Born into a wealthy family, James was the son of the Swedenborgian theologian Henry James Sr. and the brother of both the prominent novelist Henry James and the diarist Alice James. James trained as a physician and taught anatomy at Harvard, but never practiced medicine. Instead he pursued his interests in psychology and then philosophy. James wrote widely on many topics, including epistemology, education, metaphysics, psychology, religion, and mysticism. Among his most influential books are The Principles of Psychology, a groundbreaking text in the field of psychology; Essays in Radical Empiricism, an important text in philosophy; and The Varieties of Religious Experience
James provided a description of the mystical experience, in his famous collection of lectures published in 1902 as The Varieties of Religious Experience. These criteria are as follows
- Passivity – a feeling of being grasped and held by a superior power not under your own control.

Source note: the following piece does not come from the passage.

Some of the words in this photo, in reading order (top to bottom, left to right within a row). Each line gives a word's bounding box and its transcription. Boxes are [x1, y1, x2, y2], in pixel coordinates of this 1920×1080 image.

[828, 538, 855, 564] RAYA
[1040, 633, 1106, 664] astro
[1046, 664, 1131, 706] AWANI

- Ineffability – no adequate way to use human language to describe the experience.
- Noetic – universal truths revealed that are unable to be acquired anywhere else.

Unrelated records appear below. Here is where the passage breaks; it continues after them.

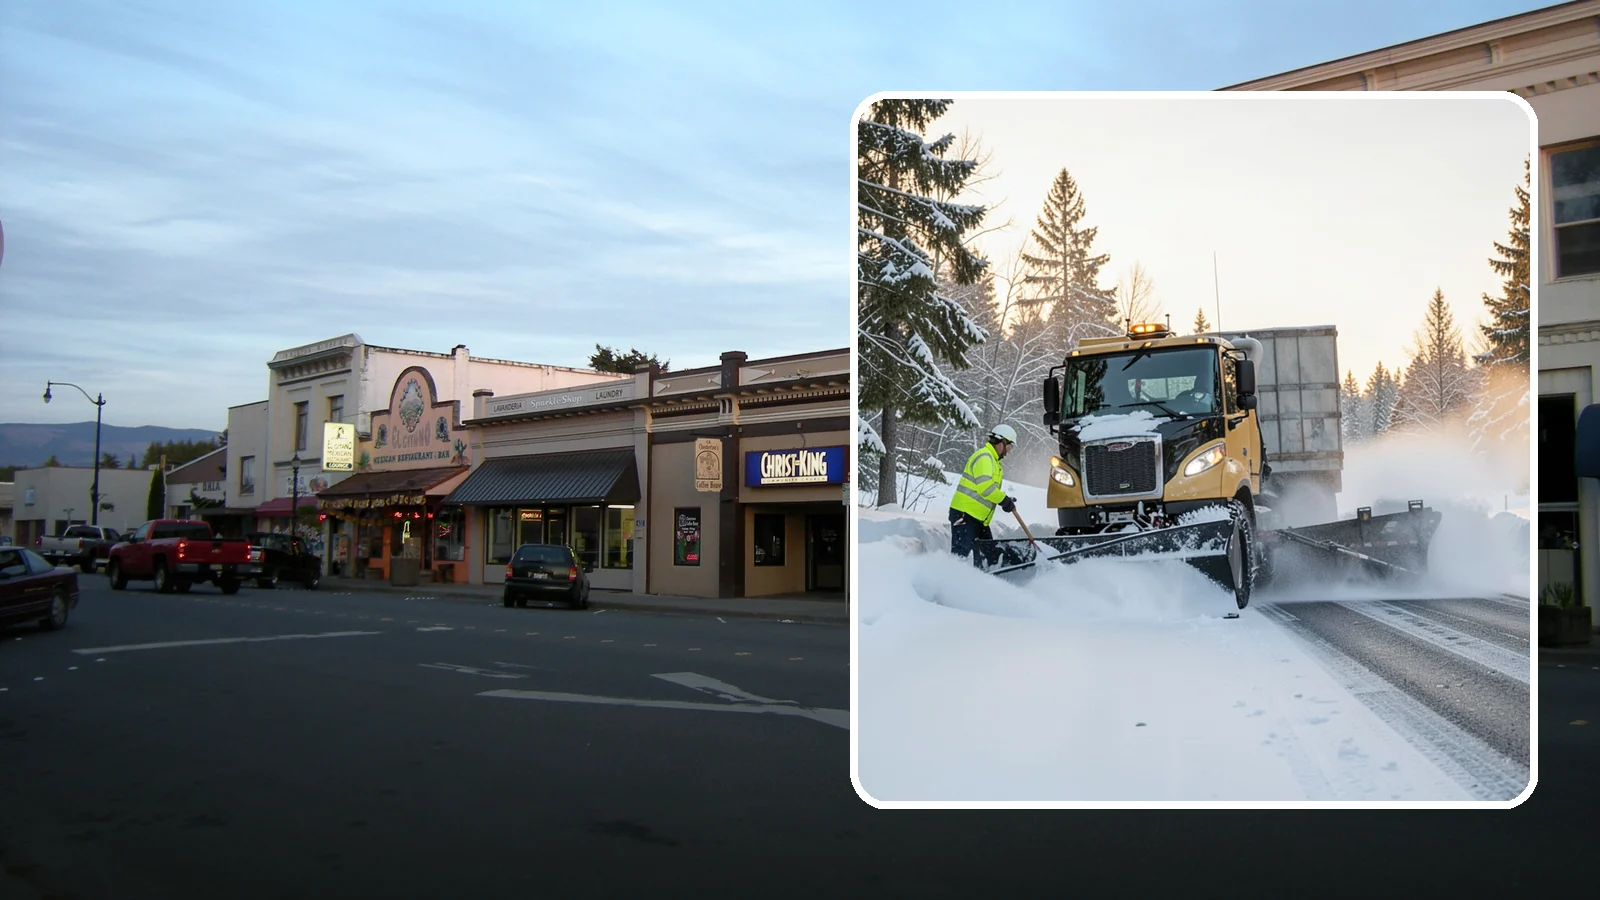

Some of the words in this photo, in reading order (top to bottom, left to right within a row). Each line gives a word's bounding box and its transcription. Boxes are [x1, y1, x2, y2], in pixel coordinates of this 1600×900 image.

[596, 389, 623, 400] LAUNDRY
[494, 402, 522, 412] LAVANDERIA
[531, 398, 561, 409] Sparkle
[562, 395, 582, 404] Shop
[374, 455, 396, 464] MEXICAN
[397, 451, 433, 462] RESTAURANT
[438, 450, 450, 459] BAR
[799, 450, 827, 476] KING

- Transient – the mystical experience is only a temporary experience.
James earned his M.D. degree in June 1869 but he never practiced medicine. What he called his “soul-sickness” would only be resolved in 1872, after an extended period of philosophical searching. He married Alice Gibbens in 1878. In 1882 he joined the Theosophical Society.
For a great introduction to the man and his work, there is this episode of Radio 4’s “In Our Time”
Melvyn Bragg and guests discuss ‘The Varieties of Religious Experience’ by William James. The American novelist Henry James famously made London his home and himself more English than the English. In contrast, his psychologist brother, William, was deeply immersed in his American heritage. But in 1901, William came to Britain too. He had been invited to deliver a series of prestigious public lectures in Edinburgh. In them, he attempted a daringly original intellectual project. For the first time, here was a close-up examination of religion not as a body of beliefs, but as an intimate personal experience. When the lectures were printed, as ‘The Varieties of Religious Experience’, they were an instant success.They laid the ground for a whole new area of study – the psychology of religion – and influenced figures from the psychiatrist Carl Jung to the novelist Aldous Huxley. To date, James’s book has been reprinted thirty-six times and has been hailed as one of the best non-fiction books of the twentieth century.